Oldenburgische Landesbank AG (OLB) is a private financial institution based in the northwest of Germany. Its headquarters are in Oldenburg.

OLB was founded in 1869 by the Frankfurt bank Erlanger & Söhne with the privilege of issuing banknotes. Their first director was Lorenz Zuckermandel. The business areas of the universal bank today include private clients business including private banking and wealth management, corporate and commercial clients business, specialized lending, for example in the area of commercial real estate or acquisition financing, and also the brokerage of real estate, building society contracts and insurance.

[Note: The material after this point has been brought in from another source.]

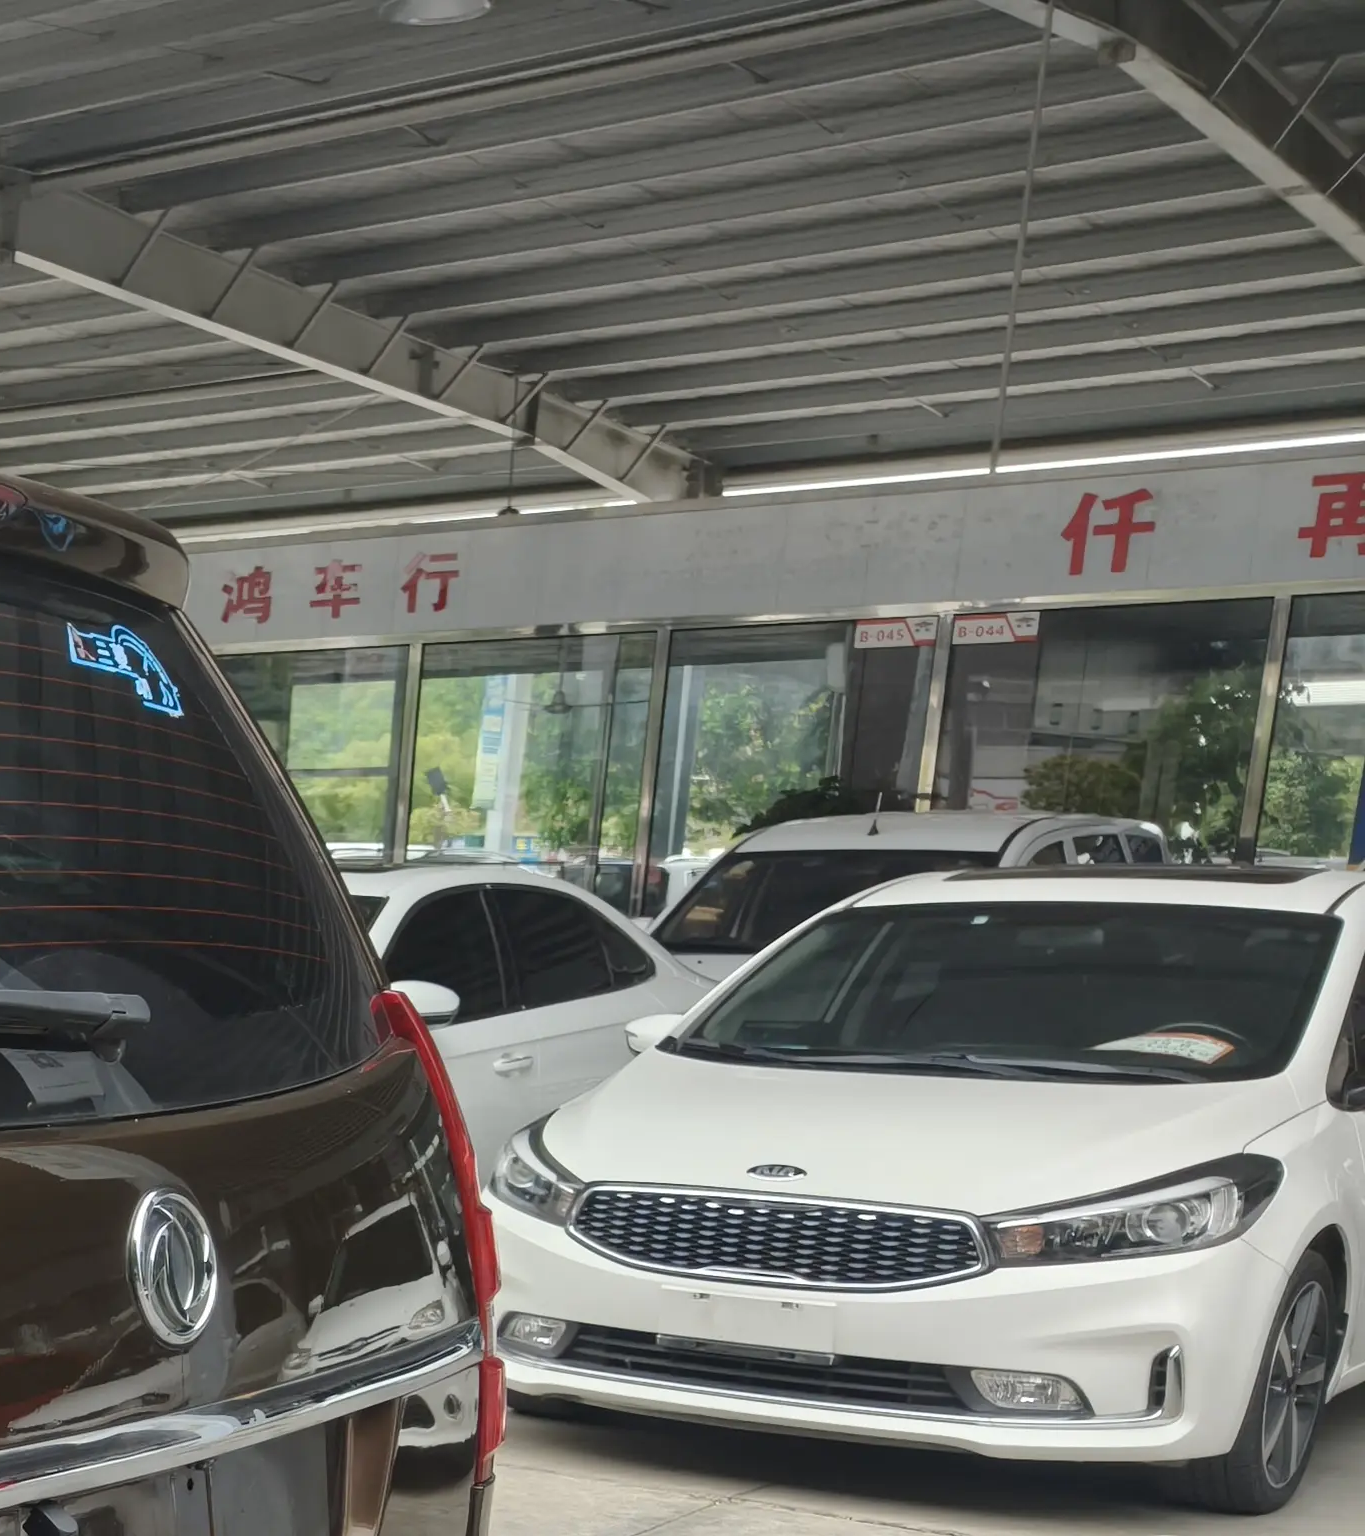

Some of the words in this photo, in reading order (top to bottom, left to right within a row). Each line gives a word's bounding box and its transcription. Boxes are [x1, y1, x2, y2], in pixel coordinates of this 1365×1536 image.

[221, 552, 461, 624] 鸿车行
[859, 628, 905, 643] B-045
[957, 625, 1005, 638] B-044

OLB maintains a wide network of locations, which focuses on the northwestern part of Germany, known as Weser-Ems (comprising Osnabrück Land, Emsland, County of Bentheim, East Frisia, Ammerland, Friesland, Oldenburg (Oldenburg), and Oldenburg Münsterland), as well as Bremen (opened 1 July 2009), and previously Bremerhaven (opened 4 October 2010) and Verden (opened 4 April 2011). Its first branch in North Rhine-Westphalia opened 7 November 2011 in Rheine.

Currently, OLB has 40 branches offering personal advice and 16 self-service branches (as of 31 December 2022). The bank bundles its advisory services at larger locations, the 16 so called centres of competence throught Northwestern Germany, while at the same time further expanding the contact channels telephone and internet.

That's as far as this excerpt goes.